Not averse to demilitarisation of Siachen if Pak meets pre-condition: Army chief

Updated on Jan 13, 2022 04:50 AM IST

Islamabad has so far not agreed to authenticate troop positions on the glacier.

Chief of the Army Staff (COAS) General MM Naravane addressing Annual Press Conference, in New Delhi on Wednesday. (ANI Photo)
Chief of the Army Staff (COAS) General MM Naravane addressing Annual Press Conference, in New Delhi on Wednesday. (ANI Photo)

Army chief General Manoj Mukund Naravane on Wednesday said that India was not averse to the possible demilitarisation of the Siachen glacier --- the world’s highest battleground and an old sore in India-Pakistan ties ---- provided the neighbour accepted the 110-km Actual Ground Position Line (AGPL) that separates Indian and Pakistani positions.

Islamabad has so far not agreed to authenticate troop positions on the glacier.

“We are not averse to the demilitarisation of the glacier but the pre-condition for that is to accept AGPL. Pakistan has to accept what are their positions and what are ours, and both of us have to sign on the dotted line before any kind of disengagement takes place. What is happening in eastern Ladakh is quite similar…first disengagement, then de-induction and de-escalation, which is another way of saying demilitarisation,” the army chief said at his customary press briefing ahead of Army Day on January 15.

Acceptance of AGPL is the first step towards demilitarisation but the Pakistan side loathes doing that. He said the Siachen situation occurred because of unilateral attempts by Pakistan to change status quo and countermeasures taken by the Indian Army.

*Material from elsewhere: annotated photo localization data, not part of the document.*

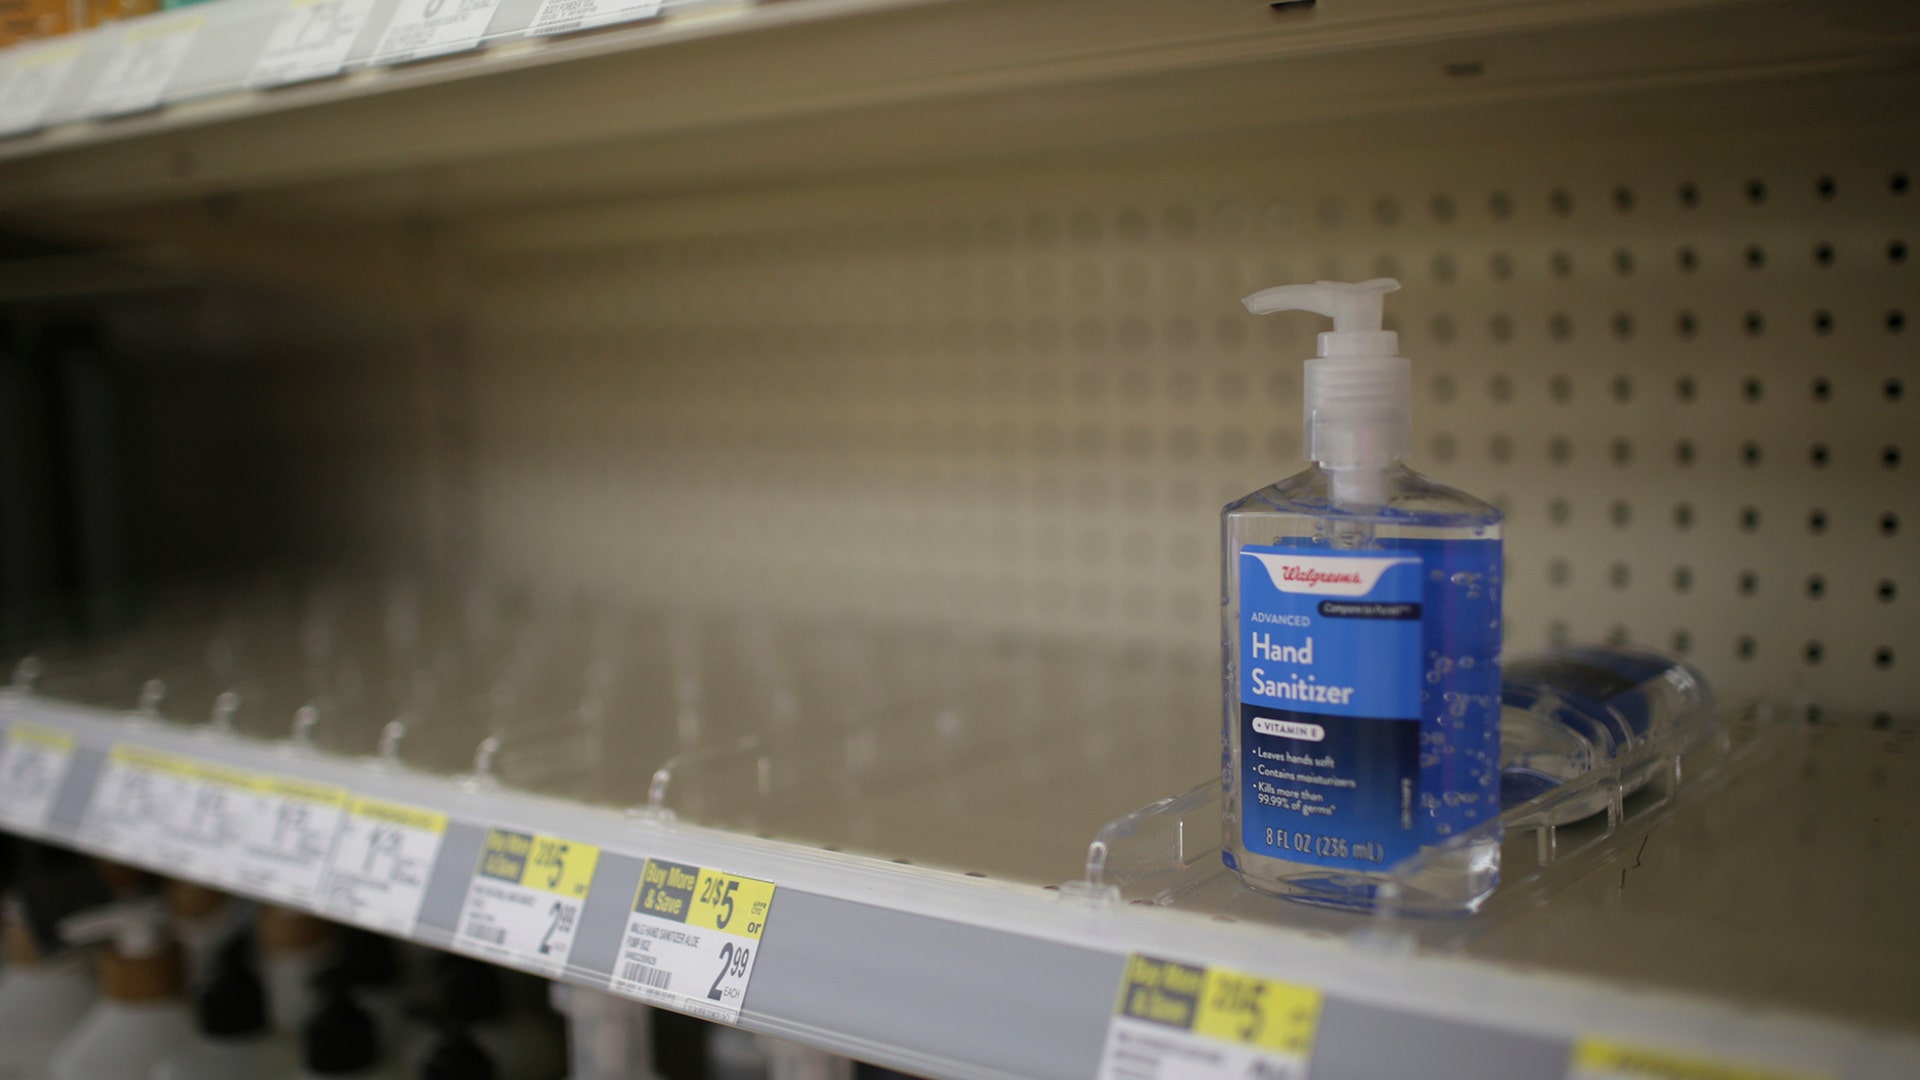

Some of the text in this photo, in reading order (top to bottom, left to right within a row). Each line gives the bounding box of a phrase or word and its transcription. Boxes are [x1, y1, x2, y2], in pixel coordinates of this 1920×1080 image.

[1282, 566, 1362, 587] Walgreens
[1251, 612, 1311, 627] ADVANCED
[1252, 632, 1313, 664] Hand
[1252, 668, 1354, 704] Sanitizer
[1265, 722, 1308, 735] VITAMIN
[1258, 747, 1335, 768] Leaves hands soft
[1258, 764, 1357, 788] Contains moisturizers
[1258, 781, 1324, 802] Kills more than
[1258, 794, 1290, 809] 99.99%
[1291, 801, 1302, 811] of
[1266, 827, 1385, 864] 8 FL OZ (236 mL)
[645, 863, 695, 891] Buy More
[644, 888, 683, 915] & Save
[700, 876, 739, 929] 2/$5
[747, 921, 761, 935] or
[723, 986, 740, 999] EACH
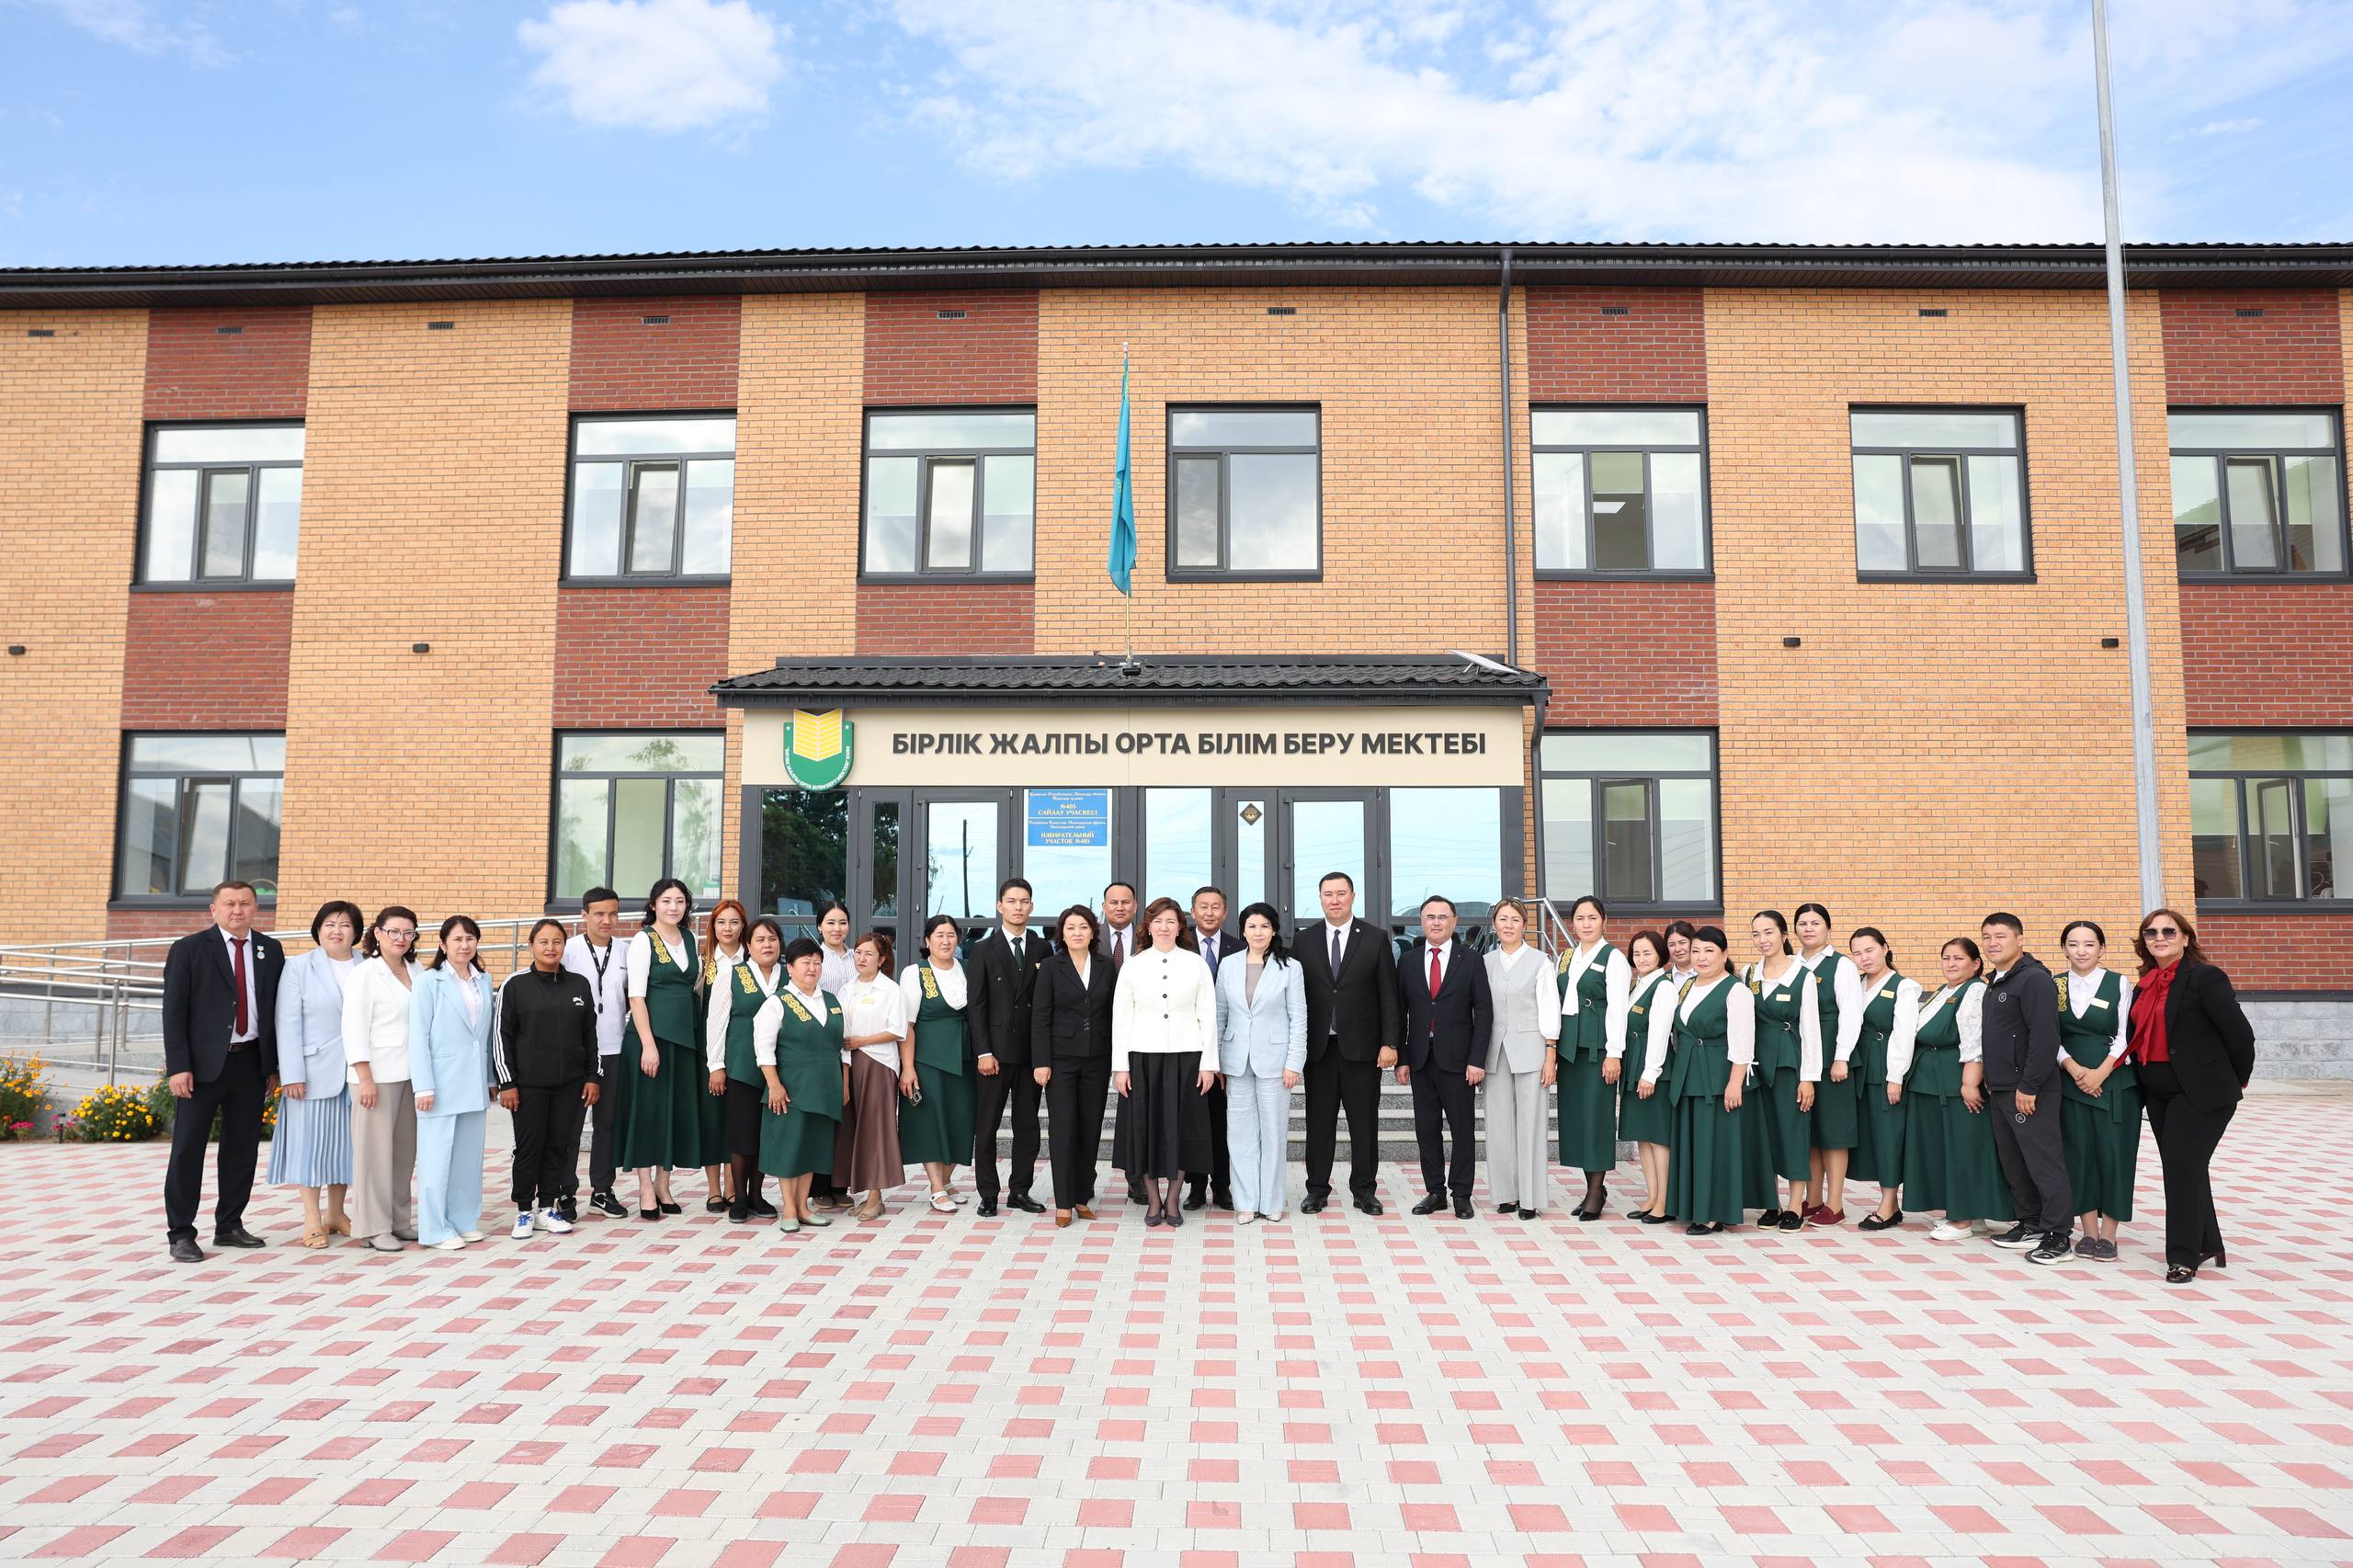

The Line of Control that divides India and Pakistan ends at a reference point called NJ 9842. The boundary beyond this point was referred to simply as “thence northwards to the glacier,” leading to different interpretations.

“The LoC was delineated up to NJ 9842 and thereafter there was an understanding it would remain unoccupied. But since they made an effort to occupy it, we were forced to take countermeasures. And now both sides are face to face all along the glacier,” he said.

The 76-km-long glacier acts as a wedge between the Shaksgam valley under Chinese control and Baltistan, which is occupied by Pakistan. Security experts have argued that occupation of the glacier will not allow the Pakistan army to link up with the Chinese and threaten Ladakh.

The Indian Army launched Operation Meghdoot in April 1984 to secure the glacier after Pakistan army occupied the heights on Siachen. Several rounds of talks between India and Pakistan on demilitarising the Siachen glacier have failed with Islamabad refusing to authenticate troop positions on the ground.

Almost 80% posts on the glacier are located above 16,000 feet, with Bana towering above the rest at 21,753 feet. Experts have cautioned against withdrawing from Siachen until Islamabad authenticates troop positions on the ground as it would be a formidable task to reclaim the glacier.

India currently occupies dominating positions on the Saltoro ridge with Pakistani posts located 3,000 feet below.